*WORK TO BE COMPLETED*: Copy every record below exactly as it stands.

━━━━

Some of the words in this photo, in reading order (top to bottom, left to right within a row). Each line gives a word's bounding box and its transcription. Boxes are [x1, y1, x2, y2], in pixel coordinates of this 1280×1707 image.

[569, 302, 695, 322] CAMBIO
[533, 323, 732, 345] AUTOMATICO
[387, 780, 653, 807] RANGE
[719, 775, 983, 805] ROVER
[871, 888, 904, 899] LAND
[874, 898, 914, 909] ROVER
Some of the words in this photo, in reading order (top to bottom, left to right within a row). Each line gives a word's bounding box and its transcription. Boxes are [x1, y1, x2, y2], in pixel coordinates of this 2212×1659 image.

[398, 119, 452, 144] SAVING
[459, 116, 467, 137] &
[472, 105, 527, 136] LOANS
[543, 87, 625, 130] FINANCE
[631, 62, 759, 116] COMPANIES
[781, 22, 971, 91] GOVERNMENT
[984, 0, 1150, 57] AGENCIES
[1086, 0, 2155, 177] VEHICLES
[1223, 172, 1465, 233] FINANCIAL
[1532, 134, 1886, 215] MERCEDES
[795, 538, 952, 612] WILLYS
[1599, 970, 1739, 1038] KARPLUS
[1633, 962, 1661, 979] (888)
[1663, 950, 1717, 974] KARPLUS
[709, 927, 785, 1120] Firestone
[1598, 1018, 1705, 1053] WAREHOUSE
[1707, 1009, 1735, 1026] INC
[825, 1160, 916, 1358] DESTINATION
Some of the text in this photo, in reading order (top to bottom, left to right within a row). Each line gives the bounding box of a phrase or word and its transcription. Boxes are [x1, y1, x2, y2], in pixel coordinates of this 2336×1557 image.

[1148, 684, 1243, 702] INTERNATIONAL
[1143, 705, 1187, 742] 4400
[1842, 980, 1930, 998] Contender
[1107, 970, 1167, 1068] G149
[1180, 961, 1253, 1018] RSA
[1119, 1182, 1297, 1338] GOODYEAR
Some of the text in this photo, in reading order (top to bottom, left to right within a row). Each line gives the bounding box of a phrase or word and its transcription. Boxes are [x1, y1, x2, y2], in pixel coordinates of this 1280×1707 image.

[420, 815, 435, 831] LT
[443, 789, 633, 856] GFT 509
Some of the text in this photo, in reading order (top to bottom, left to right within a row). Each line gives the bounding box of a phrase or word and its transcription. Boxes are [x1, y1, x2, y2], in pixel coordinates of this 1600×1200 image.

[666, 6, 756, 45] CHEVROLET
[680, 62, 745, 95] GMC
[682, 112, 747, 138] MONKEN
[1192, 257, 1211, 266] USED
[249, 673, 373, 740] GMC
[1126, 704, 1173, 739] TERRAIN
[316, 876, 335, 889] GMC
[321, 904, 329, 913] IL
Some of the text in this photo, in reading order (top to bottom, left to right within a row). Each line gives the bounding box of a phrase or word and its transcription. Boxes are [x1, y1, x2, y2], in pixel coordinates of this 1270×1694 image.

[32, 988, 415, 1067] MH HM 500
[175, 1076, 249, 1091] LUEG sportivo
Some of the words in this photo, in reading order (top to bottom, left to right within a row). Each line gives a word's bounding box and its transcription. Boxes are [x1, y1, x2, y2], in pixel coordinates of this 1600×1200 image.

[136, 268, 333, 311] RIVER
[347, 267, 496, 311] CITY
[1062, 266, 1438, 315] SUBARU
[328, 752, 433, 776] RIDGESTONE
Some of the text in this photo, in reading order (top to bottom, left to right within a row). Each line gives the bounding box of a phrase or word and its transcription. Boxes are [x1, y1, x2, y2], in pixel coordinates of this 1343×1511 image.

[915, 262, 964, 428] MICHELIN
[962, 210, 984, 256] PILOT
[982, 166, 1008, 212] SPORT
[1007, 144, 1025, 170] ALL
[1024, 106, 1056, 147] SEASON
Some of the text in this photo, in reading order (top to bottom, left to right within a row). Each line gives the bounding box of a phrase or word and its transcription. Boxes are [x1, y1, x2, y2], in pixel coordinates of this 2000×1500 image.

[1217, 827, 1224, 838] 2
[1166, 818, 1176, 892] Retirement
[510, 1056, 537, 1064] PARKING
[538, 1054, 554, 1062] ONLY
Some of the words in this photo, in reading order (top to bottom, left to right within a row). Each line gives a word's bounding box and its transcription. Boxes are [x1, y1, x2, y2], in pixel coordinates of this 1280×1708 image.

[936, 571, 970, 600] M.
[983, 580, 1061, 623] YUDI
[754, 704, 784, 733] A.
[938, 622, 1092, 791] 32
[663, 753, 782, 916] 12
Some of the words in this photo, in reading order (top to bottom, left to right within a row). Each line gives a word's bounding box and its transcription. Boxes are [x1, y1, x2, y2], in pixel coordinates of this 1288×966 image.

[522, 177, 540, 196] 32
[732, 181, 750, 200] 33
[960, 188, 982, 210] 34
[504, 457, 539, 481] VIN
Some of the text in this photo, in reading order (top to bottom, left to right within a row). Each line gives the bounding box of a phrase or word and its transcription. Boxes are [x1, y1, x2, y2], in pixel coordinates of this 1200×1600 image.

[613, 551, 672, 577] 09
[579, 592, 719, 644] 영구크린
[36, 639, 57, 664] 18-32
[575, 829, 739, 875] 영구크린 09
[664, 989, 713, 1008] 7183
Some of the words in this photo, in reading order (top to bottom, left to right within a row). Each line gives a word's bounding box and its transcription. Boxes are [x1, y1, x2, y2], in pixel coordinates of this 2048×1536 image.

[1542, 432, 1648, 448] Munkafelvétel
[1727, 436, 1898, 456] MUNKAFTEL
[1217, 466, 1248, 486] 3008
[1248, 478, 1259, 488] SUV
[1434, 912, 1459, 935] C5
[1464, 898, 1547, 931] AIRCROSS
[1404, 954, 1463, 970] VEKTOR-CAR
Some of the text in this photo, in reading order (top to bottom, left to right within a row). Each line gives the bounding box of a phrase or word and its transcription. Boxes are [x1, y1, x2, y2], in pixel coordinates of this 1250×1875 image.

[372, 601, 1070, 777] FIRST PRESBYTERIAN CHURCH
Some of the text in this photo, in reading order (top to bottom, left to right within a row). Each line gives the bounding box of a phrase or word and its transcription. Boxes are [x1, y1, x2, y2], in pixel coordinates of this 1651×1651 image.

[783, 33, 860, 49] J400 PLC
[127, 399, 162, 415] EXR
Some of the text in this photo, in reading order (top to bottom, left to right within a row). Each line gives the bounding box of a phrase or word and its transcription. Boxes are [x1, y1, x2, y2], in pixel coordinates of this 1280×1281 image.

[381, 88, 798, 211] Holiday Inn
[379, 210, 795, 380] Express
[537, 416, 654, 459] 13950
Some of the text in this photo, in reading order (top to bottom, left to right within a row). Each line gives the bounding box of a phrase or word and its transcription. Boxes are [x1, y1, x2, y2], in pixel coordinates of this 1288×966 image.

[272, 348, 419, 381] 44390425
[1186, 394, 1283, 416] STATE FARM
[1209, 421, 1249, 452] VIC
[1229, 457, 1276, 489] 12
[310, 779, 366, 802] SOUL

━━━━

*TASK RESULT*:
Some of the words in this photo, in reading order (top to bottom, left to right within a row). Each line gives a word's bounding box and its transcription. Boxes are [x1, y1, x2, y2], in pixel coordinates of this 1280×1707 image.

[569, 302, 695, 322] CAMBIO
[533, 323, 732, 345] AUTOMATICO
[387, 780, 653, 807] RANGE
[719, 775, 983, 805] ROVER
[871, 888, 904, 899] LAND
[874, 898, 914, 909] ROVER
Some of the words in this photo, in reading order (top to bottom, left to right within a row). Each line gives a word's bounding box and its transcription. Boxes are [x1, y1, x2, y2], in pixel coordinates of this 2212×1659 image.

[398, 119, 452, 144] SAVING
[459, 116, 467, 137] &
[472, 105, 527, 136] LOANS
[543, 87, 625, 130] FINANCE
[631, 62, 759, 116] COMPANIES
[781, 22, 971, 91] GOVERNMENT
[984, 0, 1150, 57] AGENCIES
[1086, 0, 2155, 177] VEHICLES
[1223, 172, 1465, 233] FINANCIAL
[1532, 134, 1886, 215] MERCEDES
[795, 538, 952, 612] WILLYS
[1599, 970, 1739, 1038] KARPLUS
[1633, 962, 1661, 979] (888)
[1663, 950, 1717, 974] KARPLUS
[709, 927, 785, 1120] Firestone
[1598, 1018, 1705, 1053] WAREHOUSE
[1707, 1009, 1735, 1026] INC
[825, 1160, 916, 1358] DESTINATION
Some of the text in this photo, in reading order (top to bottom, left to right within a row). Each line gives the bounding box of a phrase or word and its transcription. Boxes are [x1, y1, x2, y2], in pixel coordinates of this 2336×1557 image.

[1148, 684, 1243, 702] INTERNATIONAL
[1143, 705, 1187, 742] 4400
[1842, 980, 1930, 998] Contender
[1107, 970, 1167, 1068] G149
[1180, 961, 1253, 1018] RSA
[1119, 1182, 1297, 1338] GOODYEAR
Some of the text in this photo, in reading order (top to bottom, left to right within a row). Each line gives the bounding box of a phrase or word and its transcription. Boxes are [x1, y1, x2, y2], in pixel coordinates of this 1280×1707 image.

[420, 815, 435, 831] LT
[443, 789, 633, 856] GFT 509
Some of the text in this photo, in reading order (top to bottom, left to right within a row). Each line gives the bounding box of a phrase or word and its transcription. Boxes are [x1, y1, x2, y2], in pixel coordinates of this 1600×1200 image.

[666, 6, 756, 45] CHEVROLET
[680, 62, 745, 95] GMC
[682, 112, 747, 138] MONKEN
[1192, 257, 1211, 266] USED
[249, 673, 373, 740] GMC
[1126, 704, 1173, 739] TERRAIN
[316, 876, 335, 889] GMC
[321, 904, 329, 913] IL
Some of the text in this photo, in reading order (top to bottom, left to right within a row). Each line gives the bounding box of a phrase or word and its transcription. Boxes are [x1, y1, x2, y2], in pixel coordinates of this 1270×1694 image.

[32, 988, 415, 1067] MH HM 500
[175, 1076, 249, 1091] LUEG sportivo
Some of the words in this photo, in reading order (top to bottom, left to right within a row). Each line gives a word's bounding box and its transcription. Boxes are [x1, y1, x2, y2], in pixel coordinates of this 1600×1200 image.

[136, 268, 333, 311] RIVER
[347, 267, 496, 311] CITY
[1062, 266, 1438, 315] SUBARU
[328, 752, 433, 776] RIDGESTONE
Some of the text in this photo, in reading order (top to bottom, left to right within a row). Each line gives the bounding box of a phrase or word and its transcription. Boxes are [x1, y1, x2, y2], in pixel coordinates of this 1343×1511 image.

[915, 262, 964, 428] MICHELIN
[962, 210, 984, 256] PILOT
[982, 166, 1008, 212] SPORT
[1007, 144, 1025, 170] ALL
[1024, 106, 1056, 147] SEASON
Some of the text in this photo, in reading order (top to bottom, left to right within a row). Each line gives the bounding box of a phrase or word and its transcription. Boxes are [x1, y1, x2, y2], in pixel coordinates of this 2000×1500 image.

[1217, 827, 1224, 838] 2
[1166, 818, 1176, 892] Retirement
[510, 1056, 537, 1064] PARKING
[538, 1054, 554, 1062] ONLY
Some of the words in this photo, in reading order (top to bottom, left to right within a row). Each line gives a word's bounding box and its transcription. Boxes are [x1, y1, x2, y2], in pixel coordinates of this 1280×1708 image.

[936, 571, 970, 600] M.
[983, 580, 1061, 623] YUDI
[754, 704, 784, 733] A.
[938, 622, 1092, 791] 32
[663, 753, 782, 916] 12
Some of the words in this photo, in reading order (top to bottom, left to right within a row). Each line gives a word's bounding box and its transcription. Boxes are [x1, y1, x2, y2], in pixel coordinates of this 1288×966 image.

[522, 177, 540, 196] 32
[732, 181, 750, 200] 33
[960, 188, 982, 210] 34
[504, 457, 539, 481] VIN
Some of the text in this photo, in reading order (top to bottom, left to right within a row). Each line gives the bounding box of a phrase or word and its transcription. Boxes are [x1, y1, x2, y2], in pixel coordinates of this 1200×1600 image.

[613, 551, 672, 577] 09
[579, 592, 719, 644] 영구크린
[36, 639, 57, 664] 18-32
[575, 829, 739, 875] 영구크린 09
[664, 989, 713, 1008] 7183
Some of the words in this photo, in reading order (top to bottom, left to right within a row). Each line gives a word's bounding box and its transcription. Boxes are [x1, y1, x2, y2], in pixel coordinates of this 2048×1536 image.

[1542, 432, 1648, 448] Munkafelvétel
[1727, 436, 1898, 456] MUNKAFTEL
[1217, 466, 1248, 486] 3008
[1248, 478, 1259, 488] SUV
[1434, 912, 1459, 935] C5
[1464, 898, 1547, 931] AIRCROSS
[1404, 954, 1463, 970] VEKTOR-CAR
Some of the text in this photo, in reading order (top to bottom, left to right within a row). Each line gives the bounding box of a phrase or word and its transcription. Boxes are [x1, y1, x2, y2], in pixel coordinates of this 1250×1875 image.

[372, 601, 1070, 777] FIRST PRESBYTERIAN CHURCH
Some of the text in this photo, in reading order (top to bottom, left to right within a row). Each line gives the bounding box of a phrase or word and its transcription. Boxes are [x1, y1, x2, y2], in pixel coordinates of this 1651×1651 image.

[783, 33, 860, 49] J400 PLC
[127, 399, 162, 415] EXR
Some of the text in this photo, in reading order (top to bottom, left to right within a row). Each line gives the bounding box of a phrase or word and its transcription. Boxes are [x1, y1, x2, y2], in pixel coordinates of this 1280×1281 image.

[381, 88, 798, 211] Holiday Inn
[379, 210, 795, 380] Express
[537, 416, 654, 459] 13950
Some of the text in this photo, in reading order (top to bottom, left to right within a row). Each line gives the bounding box of a phrase or word and its transcription. Boxes are [x1, y1, x2, y2], in pixel coordinates of this 1288×966 image.

[272, 348, 419, 381] 44390425
[1186, 394, 1283, 416] STATE FARM
[1209, 421, 1249, 452] VIC
[1229, 457, 1276, 489] 12
[310, 779, 366, 802] SOUL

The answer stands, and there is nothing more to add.